Tuesday, April 5, 2011

Valerie's Mother


Thirteen years ago tomorrow (April 6th) my daughter, Valerie was born. I was 19, jobless, living with my parents and scared to death. I had never even contemplated having children let alone having a real life. It all seems as though it was 100 years ago and yet hardly a day has passed in my heart. I've never thought of myself as the "motherly" type. I didn't come already programmed with a desire for children or any idea what in the world to do with one. But it just so happened that the first child I had was just the one I needed to help me figure it out. The night that Valerie made her entrance into the world was as ordinary as any other run-of-the-mill Wednesday evening. I am as ordinary as any other mother who's ever tiptoed through the halls of BMH.  But the world stopped turning - for a heartbeat of a moment when I laid eyes on Valerie for the first time and then it resumed it's spinning.
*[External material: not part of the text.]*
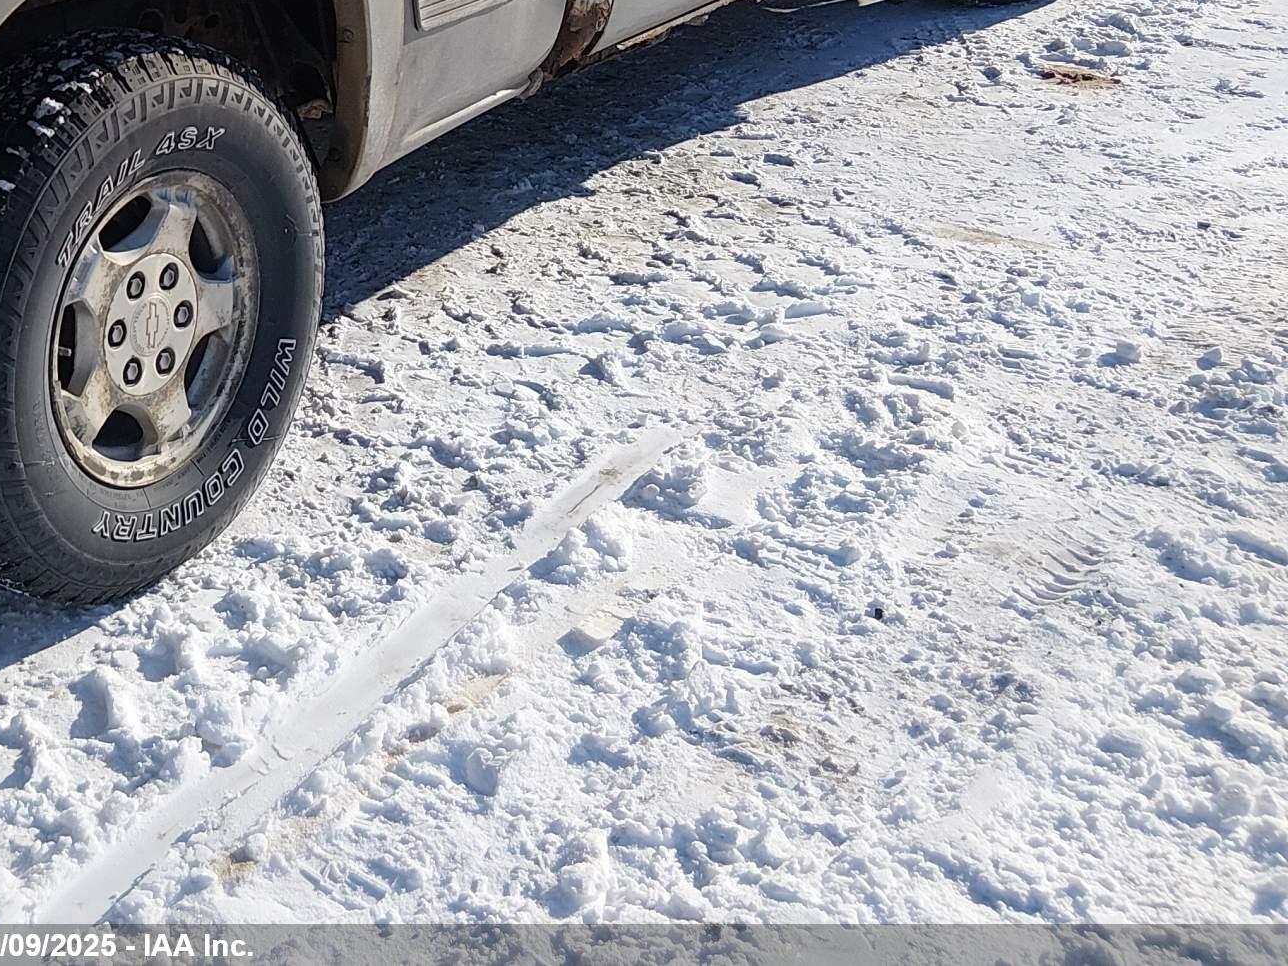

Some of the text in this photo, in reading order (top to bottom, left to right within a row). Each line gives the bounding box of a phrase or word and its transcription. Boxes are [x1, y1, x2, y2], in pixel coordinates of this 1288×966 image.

I'm sure the moment was undetectable to anyone in the world but me... It was our moment, our first meeting. It was the blink in time that rearranged my world.


I don't know what, if anything I've given to Valerie by being her mother, but I know what having Valerie as my daughter has given to me. All that I've ever wanted or dreamed of being is realized because she's here. At the end of my life, if all I ever was was Valerie's mother - then you should know that's all I ever was meant to be.